The captain hummed under his breath and twirled his cane. He was a tall, broad-shouldered, distinctive man, with one blind eye that didn’t always coordinate with the other. But underneath that top hat and overlong dark hair, Paul knew, was a razor-sharp mind.
“The two of you are looking for a place to settle, as I understand it?” Hunt addressed the two officers as they reached the bottom of the hill.
“My parents owned an inn. I know how to run one. We’ve been looking for a position,” Russell agreed. “Fletch is my right-hand and can do most anything I can do. But there aren’t many openings for more than pot scrubbers, and no one’s likely to hire the likes of us to work in their kitchen. ”
“Gravesyde needs men like you. We also need that inn. All those steam-operated factories in Birmingham are multiplying, drawing entire families away. We need to establish our own industries here, and for that, we need a place to welcome workers, salesmen, buyers...” Hunt stopped to watch as the women bustled about tables laden with food.

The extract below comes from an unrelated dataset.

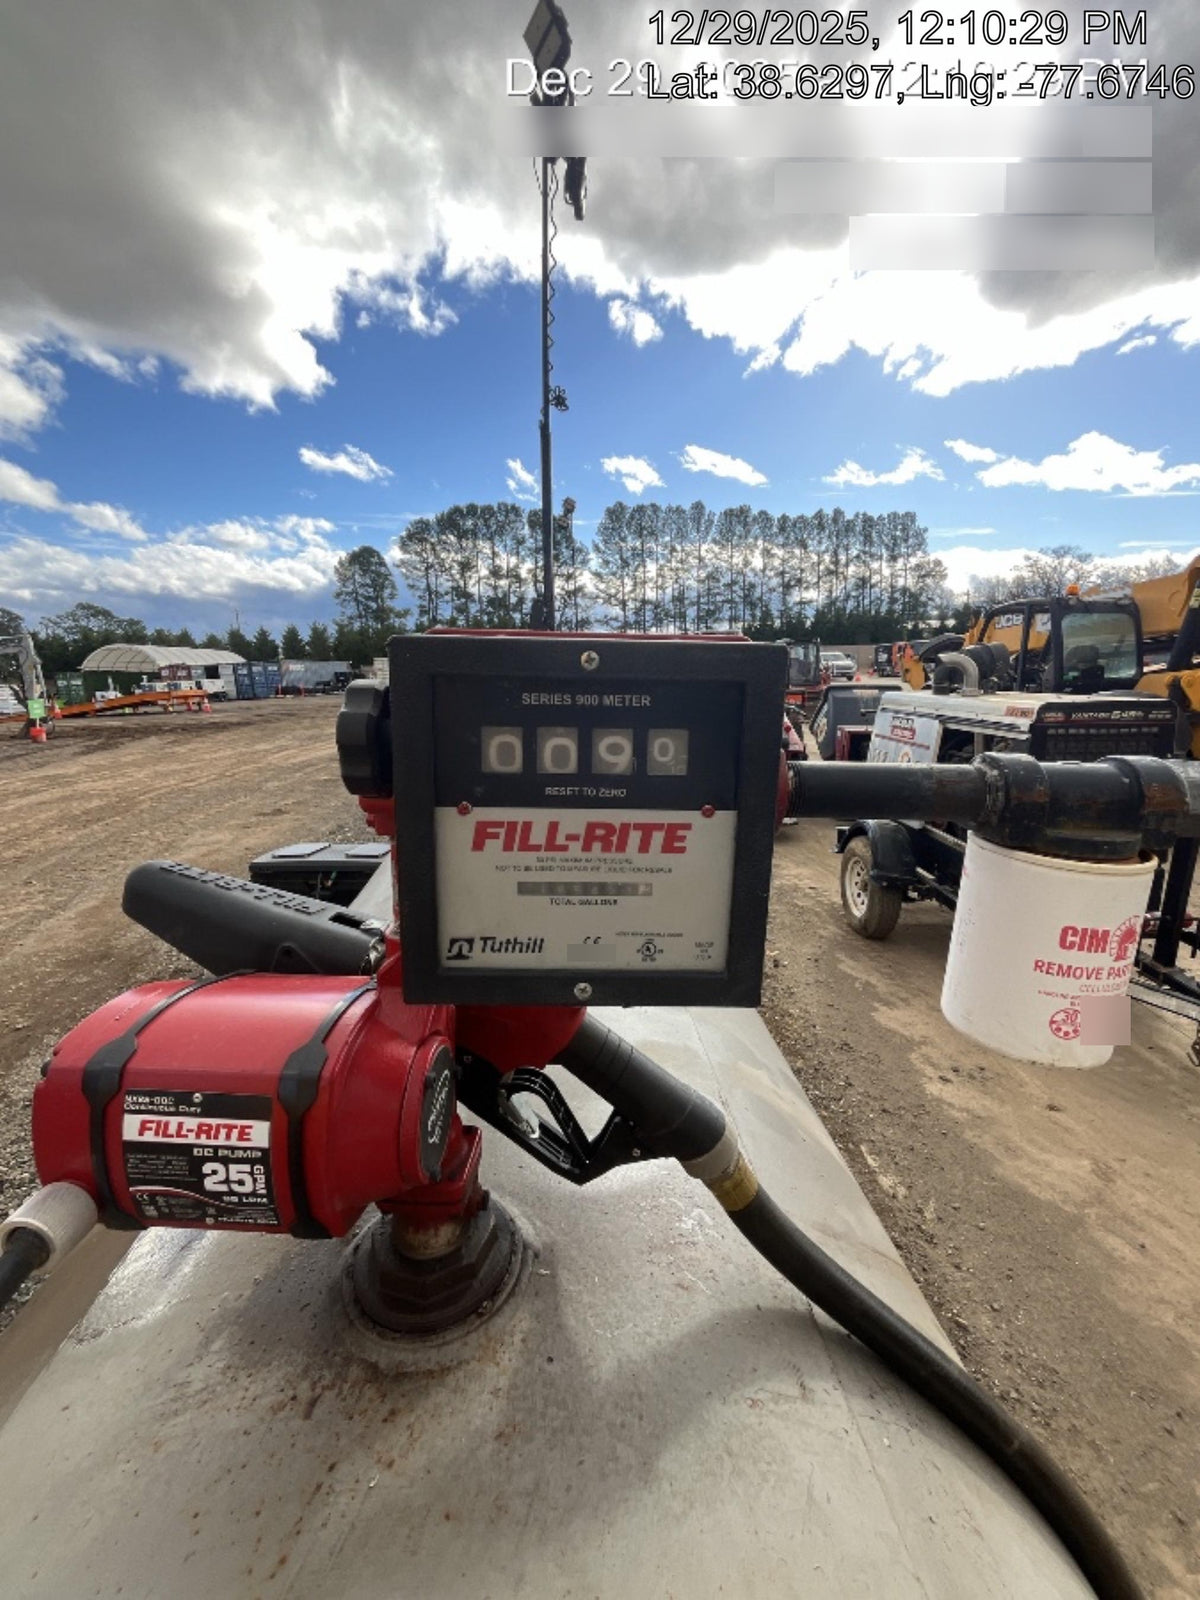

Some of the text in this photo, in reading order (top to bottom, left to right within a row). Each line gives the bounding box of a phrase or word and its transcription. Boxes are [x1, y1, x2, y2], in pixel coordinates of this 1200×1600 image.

The widow wasn’t visible. “Paul, you’re the carpenter. How much work do you think it would take to make the inn habitable?”
“The roof ought to be tiled instead of thatched. Or at least covered in tin. The entire interior probably needs plastering. Haven’t taken a look at the floors in the upper story. They may need shoring up. Downstairs, we might rip out the worn floor boards, put them to better purpose, and add brickwork or stone. The timber frame seems solid, though. That’s all I can tell you.” He had earned his way through school doing carpentry. Building inns was substantially above his skill level.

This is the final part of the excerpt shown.